Resolved? How West Side Story Uses Music and More to Display its Message. (Podcast Episode)

THTR 3333 students Kaicie Kidd and Stephen Angelakos discuss the 1961 film adaptation of Leonard Bernstein’s West Side Story. From music, to choreography, to even lighting design, this musical provides a great platform for discussing the topics of race and ethnicity in mid-20th century America.

Maria and Tony stand worlds apart, but seem ultimately closer by the blurred crowd between them.

2 thoughts on “Resolved? How West Side Story Uses Music and More to Display its Message. (Podcast Episode)

  1. As a musician myself, I absolutely love your guys’ musical analysis of the production numbers. It’s been a while since I have taken music theory but yes, I definitely notice the pattern of a distinct tritone every time there was conflict between the sharks and the jets. The soundtrack most definitely adds to the racial tension and overall portrayal of race in West Side Story. I did not even notice the dissonance of America when it was played in Anita’s sexual assault within the diner. I was so wrapped up in the plot and what was happening to comprehend the change in musical composition of America.

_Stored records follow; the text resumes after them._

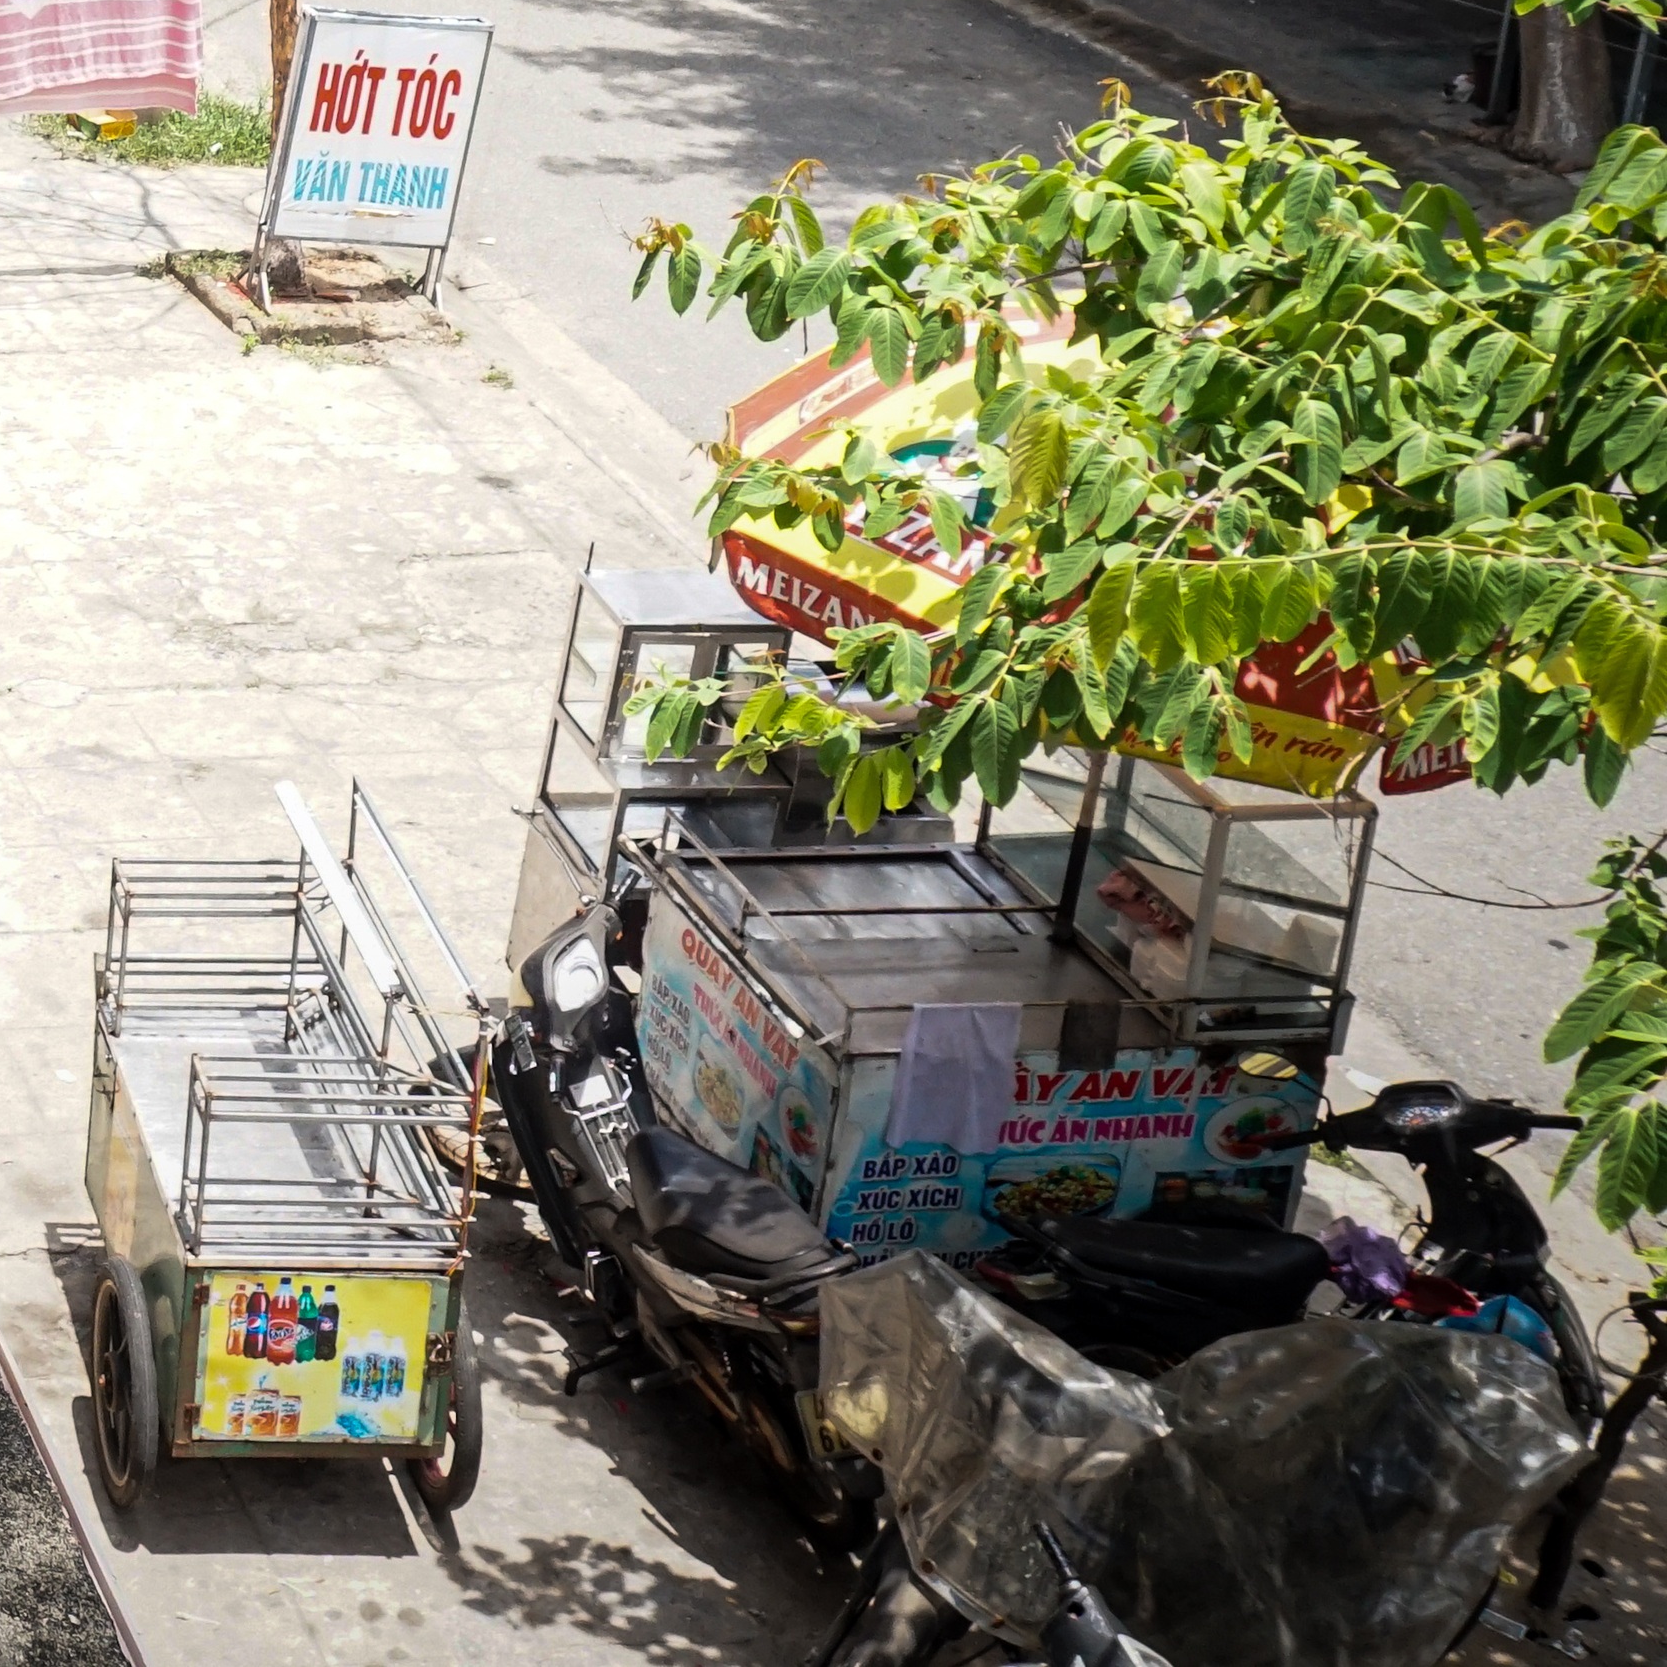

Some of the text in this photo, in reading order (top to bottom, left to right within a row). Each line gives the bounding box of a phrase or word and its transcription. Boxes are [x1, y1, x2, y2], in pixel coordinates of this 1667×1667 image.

[309, 50, 462, 140] HỚT TÓC
[292, 150, 449, 210] VĂN THANH
[1049, 1114, 1090, 1143] ĂN
[1093, 1113, 1196, 1142] NHANH
[857, 1183, 959, 1210] XÚC XÍCH
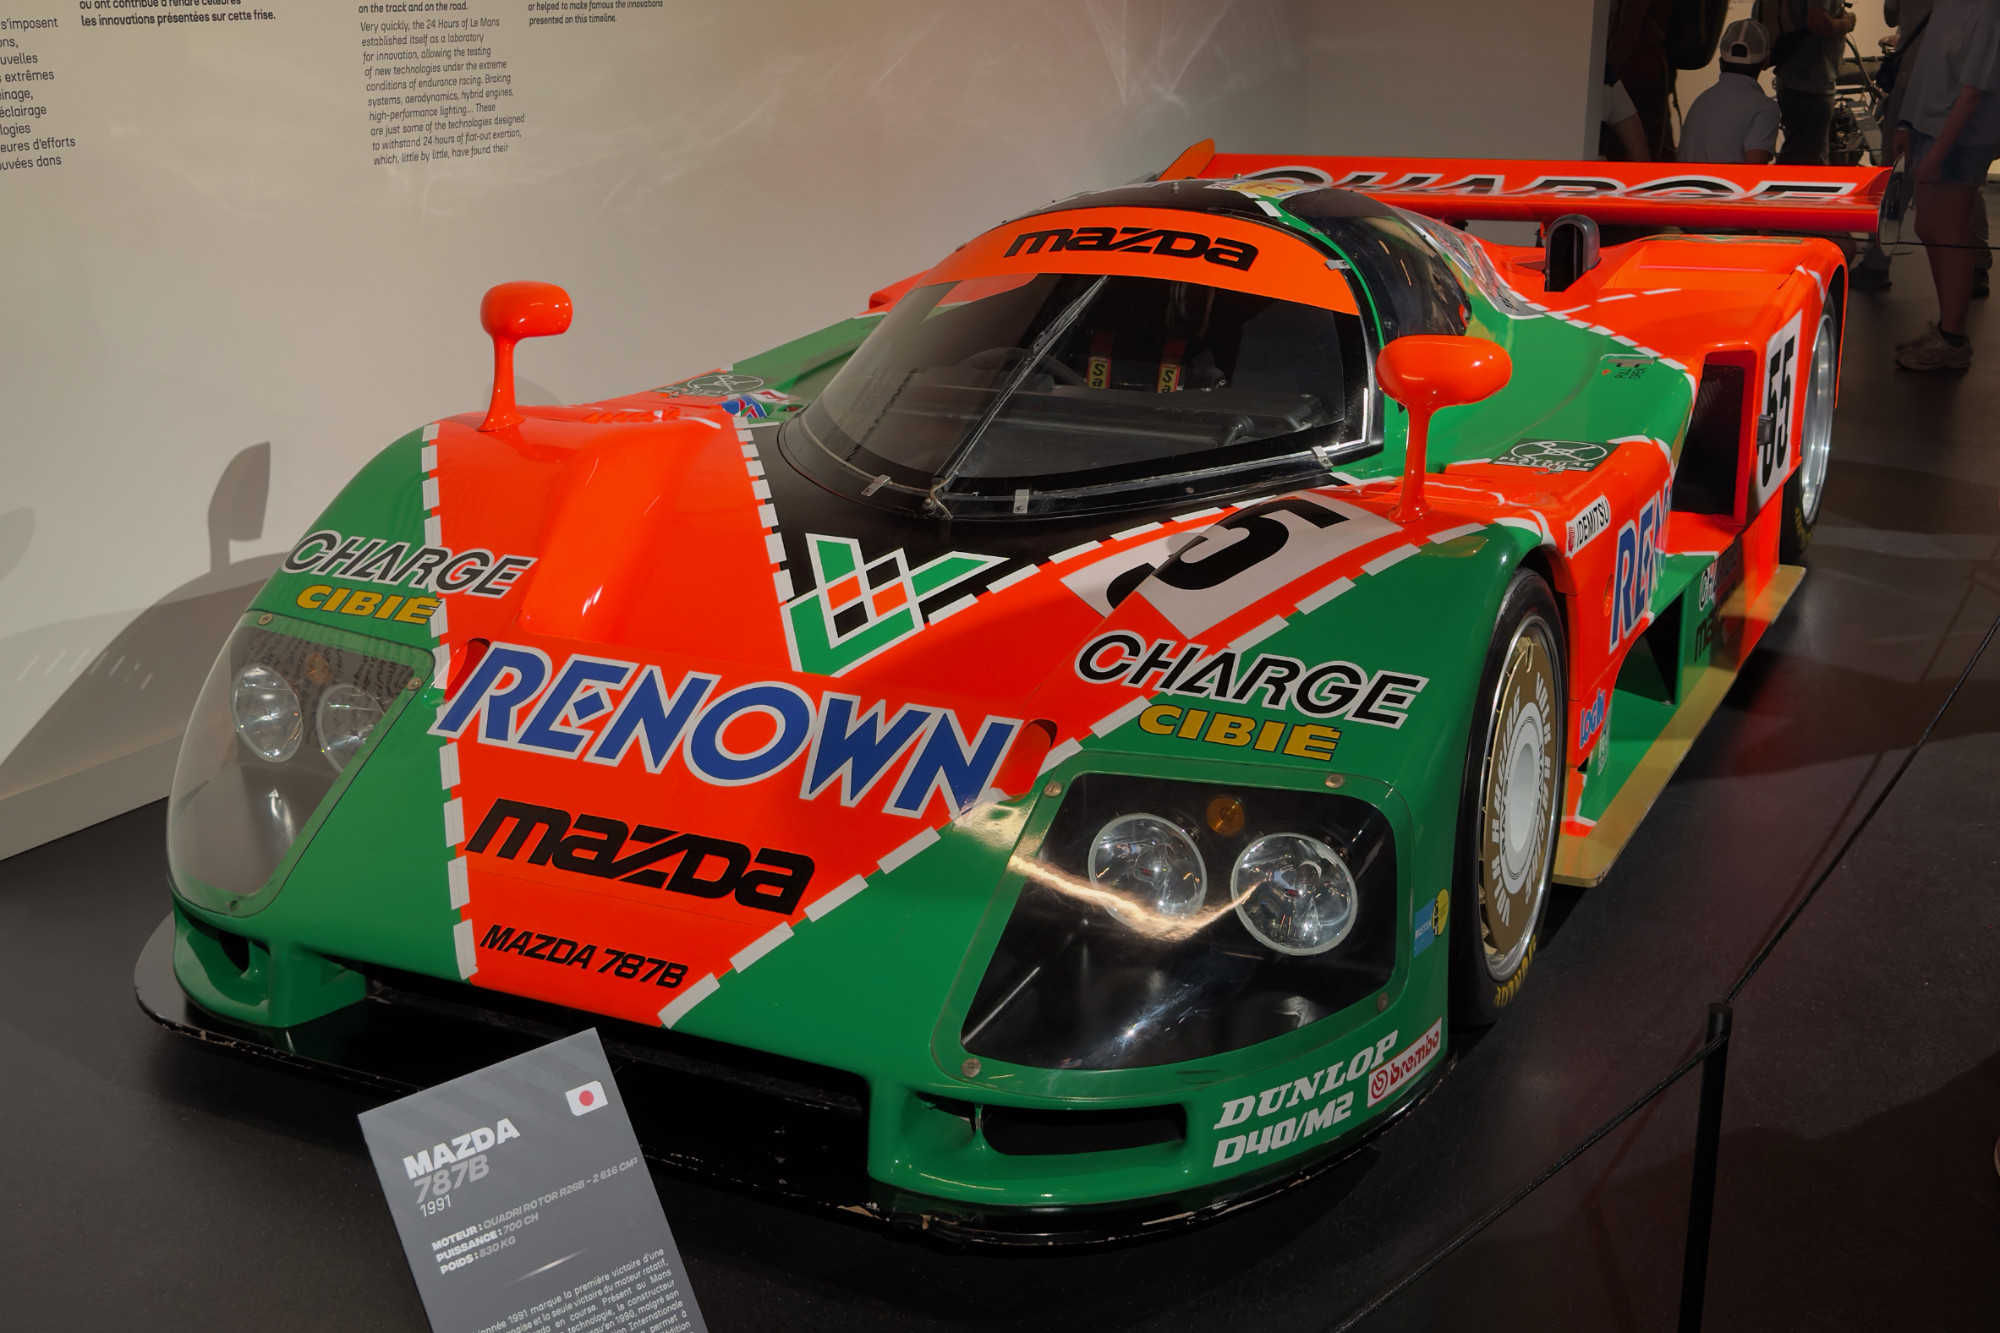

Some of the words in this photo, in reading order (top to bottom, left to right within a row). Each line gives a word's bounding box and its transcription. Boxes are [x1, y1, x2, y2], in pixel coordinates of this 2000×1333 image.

[80, 1, 91, 10] ou
[358, 5, 368, 13] on
[371, 4, 383, 13] the
[386, 4, 406, 12] track
[409, 2, 423, 11] and
[425, 3, 434, 11] on
[436, 2, 448, 11] the
[450, 1, 468, 11] road.
[537, 2, 559, 13] helped
[562, 2, 568, 10] to
[570, 1, 587, 10] make
[588, 0, 613, 12] famous
[1, 18, 58, 32] s'imposent
[81, 15, 97, 26] les
[98, 12, 155, 25] innovations
[157, 11, 210, 26] présentées
[211, 13, 226, 21] sur
[228, 11, 252, 21] cette
[254, 9, 276, 20] frise.
[360, 22, 378, 33] Very
[381, 20, 410, 32] quickly,
[412, 20, 424, 30] the
[427, 20, 436, 29] 24
[438, 18, 459, 29] Hours
[461, 17, 469, 30] of
[471, 18, 479, 27] Le
[480, 17, 500, 27] Mans
[529, 16, 563, 27] presented
[575, 14, 587, 23] this
[362, 35, 407, 47] established
[410, 34, 428, 46] itself
[430, 36, 439, 44] as
[448, 33, 484, 44] laboratory
[363, 52, 374, 64] for
[376, 50, 419, 61] innovation,
[421, 48, 451, 60] allowing
[454, 48, 465, 57] the
[467, 47, 491, 58] testing
[5, 69, 54, 82] extrêmes
[365, 67, 372, 79] of
[375, 67, 391, 76] new
[393, 64, 441, 76] technologies
[443, 62, 464, 72] under
[466, 61, 478, 70] the
[479, 60, 507, 69] extreme
[366, 79, 407, 91] conditions
[409, 79, 417, 90] of
[419, 77, 457, 88] endurance
[459, 75, 482, 86] racing.
[485, 73, 511, 85] Braking
[368, 96, 403, 107] systems,
[405, 92, 459, 106] aerodynamics,
[461, 89, 483, 99] hybrid
[486, 88, 513, 99] engines,
[369, 108, 437, 123] high-performance
[476, 103, 496, 112] These
[371, 127, 383, 136] are
[385, 125, 400, 137] just
[402, 125, 423, 133] some
[426, 121, 432, 133] of
[435, 120, 446, 130] the
[448, 117, 492, 129] technologies
[494, 113, 524, 126] designed
[33, 137, 76, 150] d'efforts
[373, 141, 380, 151] to
[382, 138, 420, 150] withstand
[423, 136, 432, 146] 24
[435, 135, 454, 145] hours
[457, 133, 464, 145] of
[465, 130, 491, 144] flat-out
[493, 128, 522, 139] exertion,
[37, 155, 62, 167] dans
[374, 154, 399, 165] which,
[402, 152, 419, 163] little
[421, 151, 430, 162] by
[432, 149, 450, 160] little,
[452, 148, 469, 158] have
[471, 145, 490, 158] found
[493, 143, 509, 152] their
[1003, 226, 1259, 272] mazda
[1576, 499, 1609, 548] IDEMITSU
[283, 531, 536, 598] CHARGE
[1075, 630, 1428, 729] CHARGE
[1579, 688, 1606, 749] LOGIN
[426, 641, 1023, 826] RENOWN
[466, 798, 815, 916] mazda
[480, 925, 600, 969] MAZDA
[599, 948, 688, 988] 787B
[1389, 1030, 1439, 1086] brembo
[1213, 1029, 1398, 1130] DUNLOP
[1212, 1091, 1354, 1168] D40/M2
[403, 1118, 520, 1180] MAZDA
[412, 1154, 490, 1204] 787B
[419, 1195, 452, 1217] 1991
[483, 1205, 523, 1230] QUADRI
[523, 1192, 559, 1213] ROTOR
[559, 1179, 586, 1198] R26B
[600, 1165, 618, 1180] 616
[502, 1219, 522, 1235] 700
[523, 1212, 539, 1226] CH
[479, 1242, 500, 1258] 830
[500, 1235, 516, 1251] KG
[508, 1309, 528, 1324] 1991
[530, 1296, 562, 1314] marque
[563, 1290, 572, 1299] la
[611, 1259, 641, 1278] victoire
[643, 1248, 664, 1263] d'une
[542, 1313, 551, 1321] la
[551, 1302, 573, 1317] seule
[573, 1290, 603, 1307] victoire
[614, 1270, 641, 1288] moteur
[642, 1257, 668, 1275] rotatif,
[627, 1280, 675, 1307] constructeur
[555, 1318, 566, 1328] en
[570, 1304, 599, 1321] course.
[650, 1269, 672, 1284] Mans
[615, 1309, 638, 1324] 1990,
[665, 1290, 680, 1301] son
[628, 1300, 683, 1331] Internationale
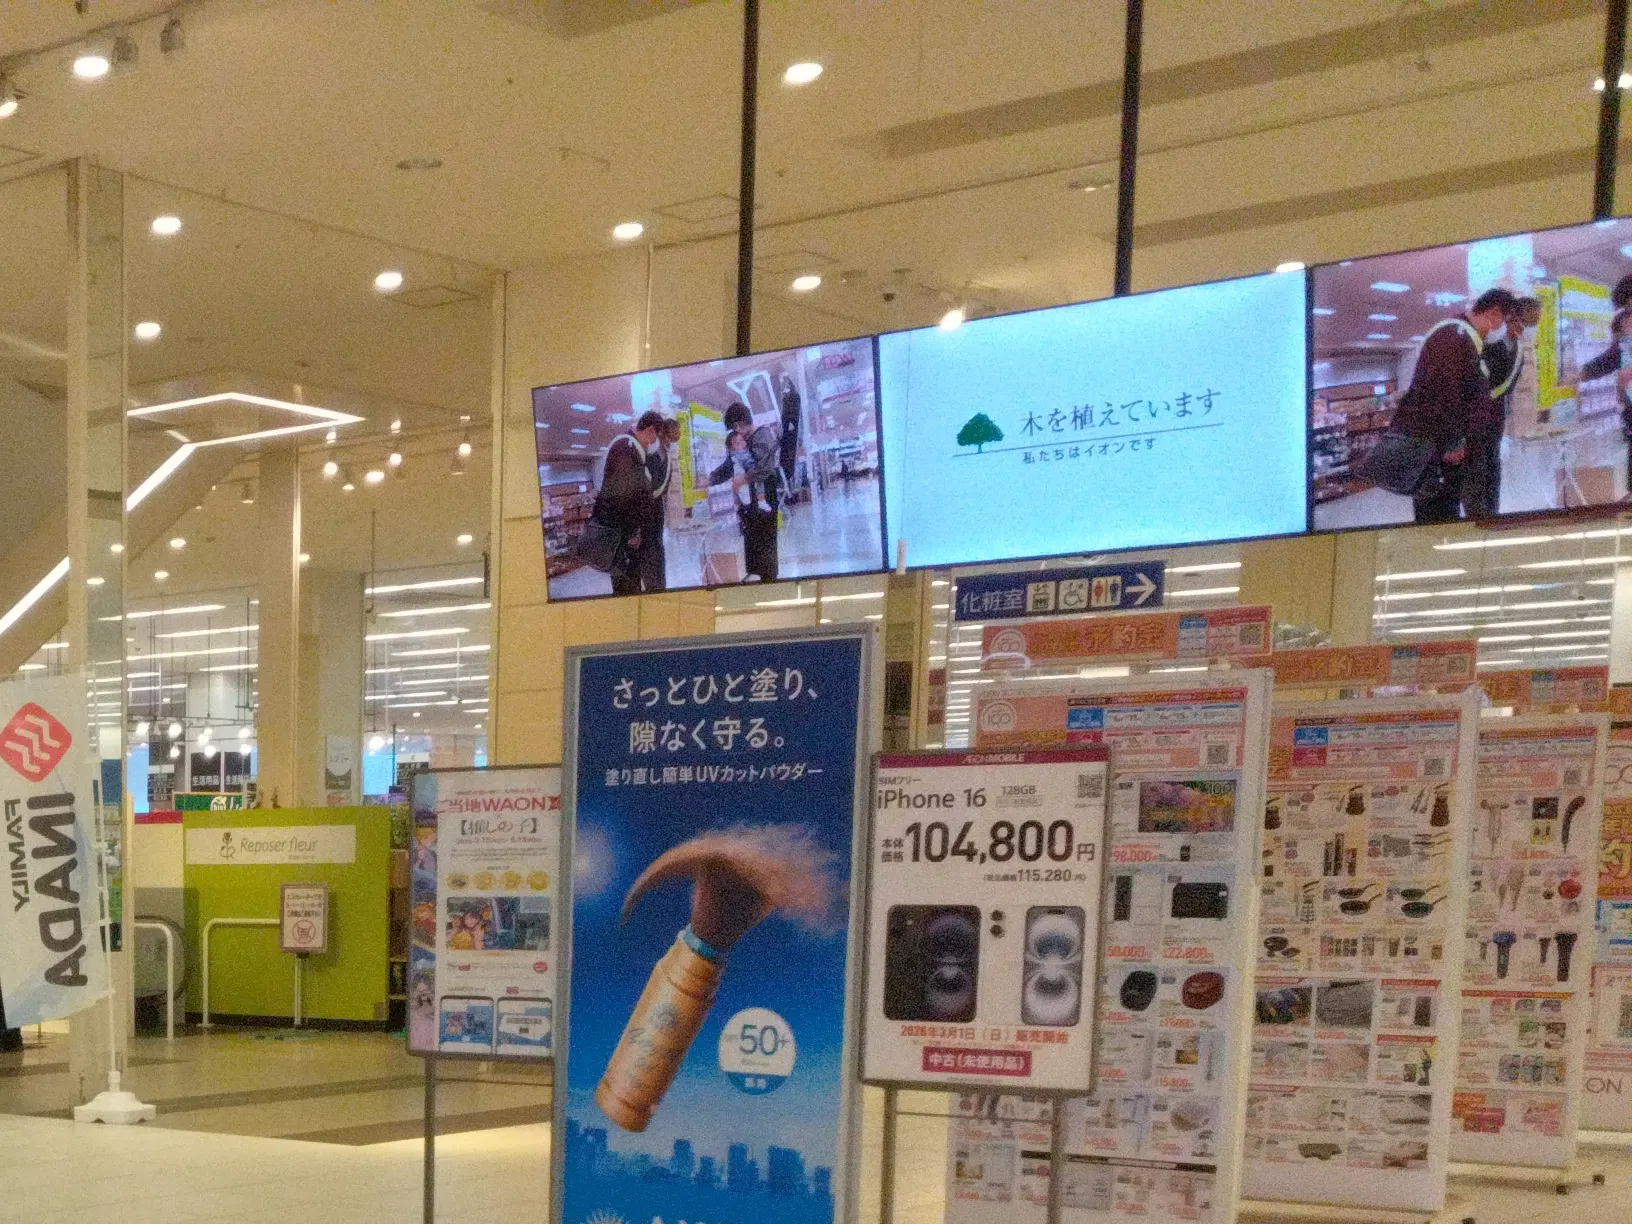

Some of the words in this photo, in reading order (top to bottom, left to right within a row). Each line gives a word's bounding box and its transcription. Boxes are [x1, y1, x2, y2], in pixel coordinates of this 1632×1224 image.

[1020, 387, 1223, 437] 木を植えています
[1022, 437, 1158, 464] 私たちはイオンです
[962, 588, 1025, 615] 化粧室
[612, 667, 817, 710] さっとひと塗り、
[629, 716, 785, 754] 隙なく守る。
[604, 763, 824, 786] 塗り直し簡単UVカットパウダー
[877, 789, 955, 809] iPhone
[963, 787, 987, 807] 16
[1001, 784, 1036, 796] 128GB
[241, 836, 285, 856] Reposer
[289, 834, 318, 852] fleur
[881, 837, 905, 849] 本体

The dissonance played along to the situation so well I did not even notice it. Phenomenal analysis of West Side Story’s musical production!


  2. I love how critically y’all examined the blurred dance scene and examining through a lens of race. The blurring effect is certainly meaningful and provides an element of distinction between genders and races. You were very convicted in sharing your arguments and provided several elements regarding choreography, music, and cinematography which provides a lot of evidence in support of your thesis.